┌─ Records

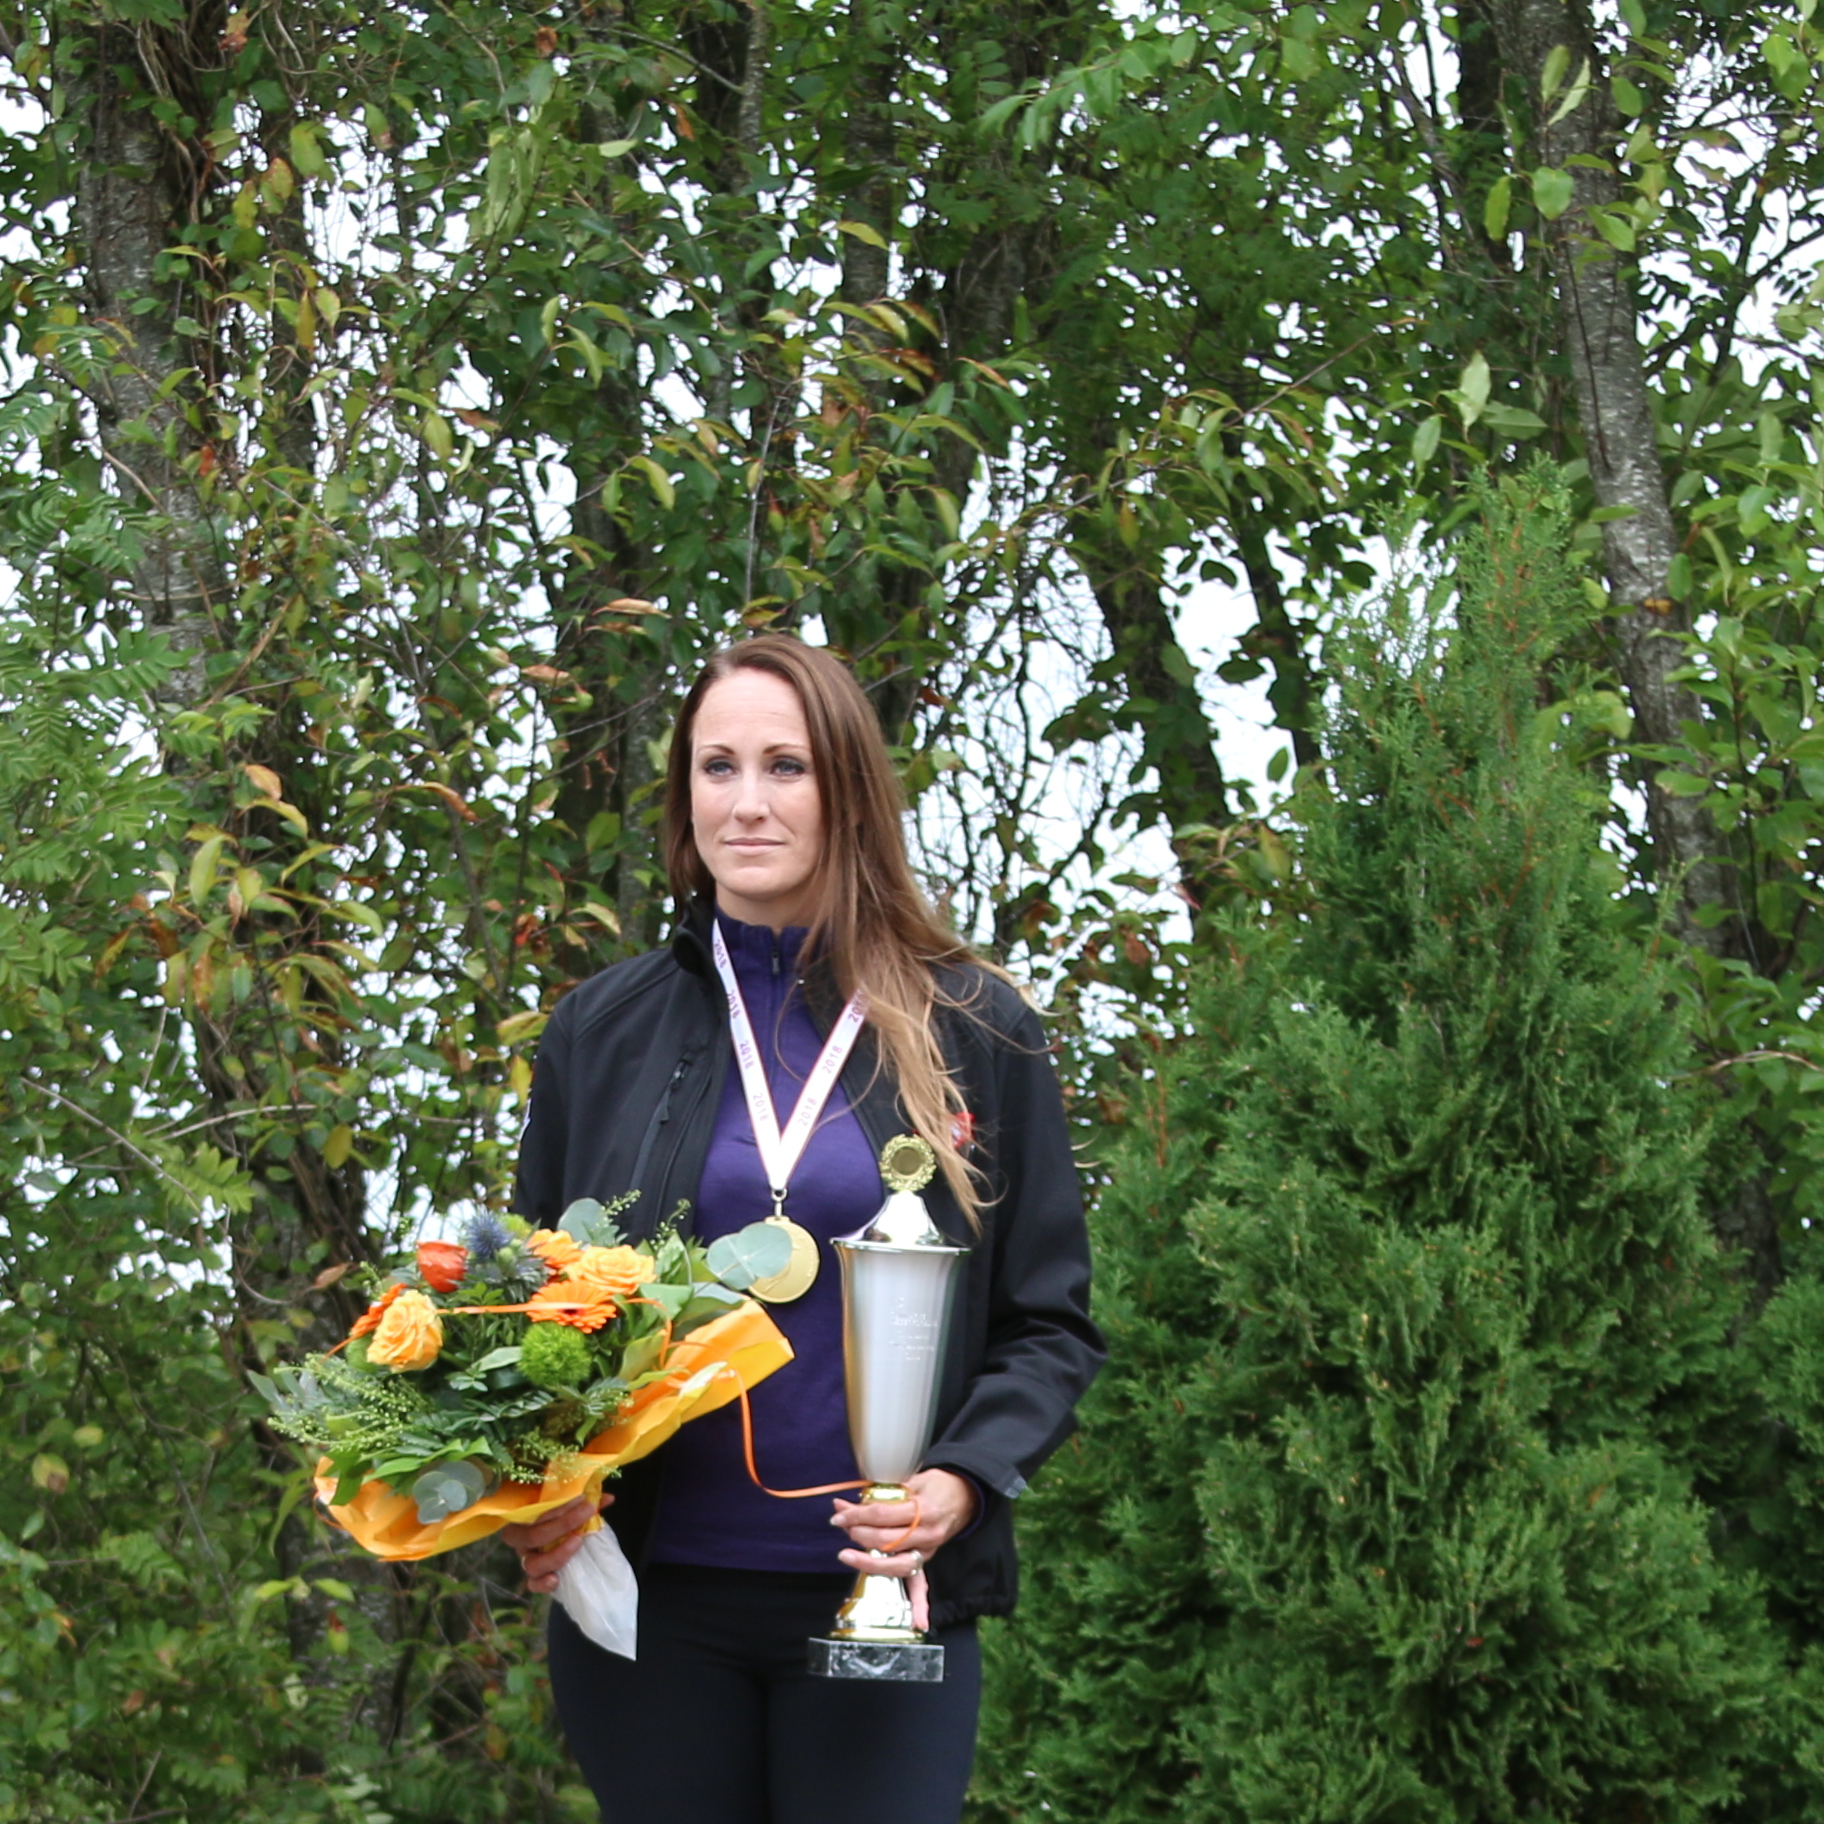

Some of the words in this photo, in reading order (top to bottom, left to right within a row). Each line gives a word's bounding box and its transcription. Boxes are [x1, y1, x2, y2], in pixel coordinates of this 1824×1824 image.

[714, 939, 728, 969] 2018
[727, 989, 741, 1019] 2018
[739, 1040, 755, 1069] 2018
[752, 1092, 769, 1121] 2018
[797, 1097, 817, 1126] 2018
[822, 1045, 842, 1074] 2018

└─

[Action item] Write out every entry exactly. Pictures do not belong in the copy.

[Answer to this problem]
Some of the words in this photo, in reading order (top to bottom, left to right within a row). Each line gives a word's bounding box and its transcription. Boxes are [x1, y1, x2, y2], in pixel coordinates of this 1824×1824 image.

[714, 939, 728, 969] 2018
[727, 989, 741, 1019] 2018
[739, 1040, 755, 1069] 2018
[752, 1092, 769, 1121] 2018
[797, 1097, 817, 1126] 2018
[822, 1045, 842, 1074] 2018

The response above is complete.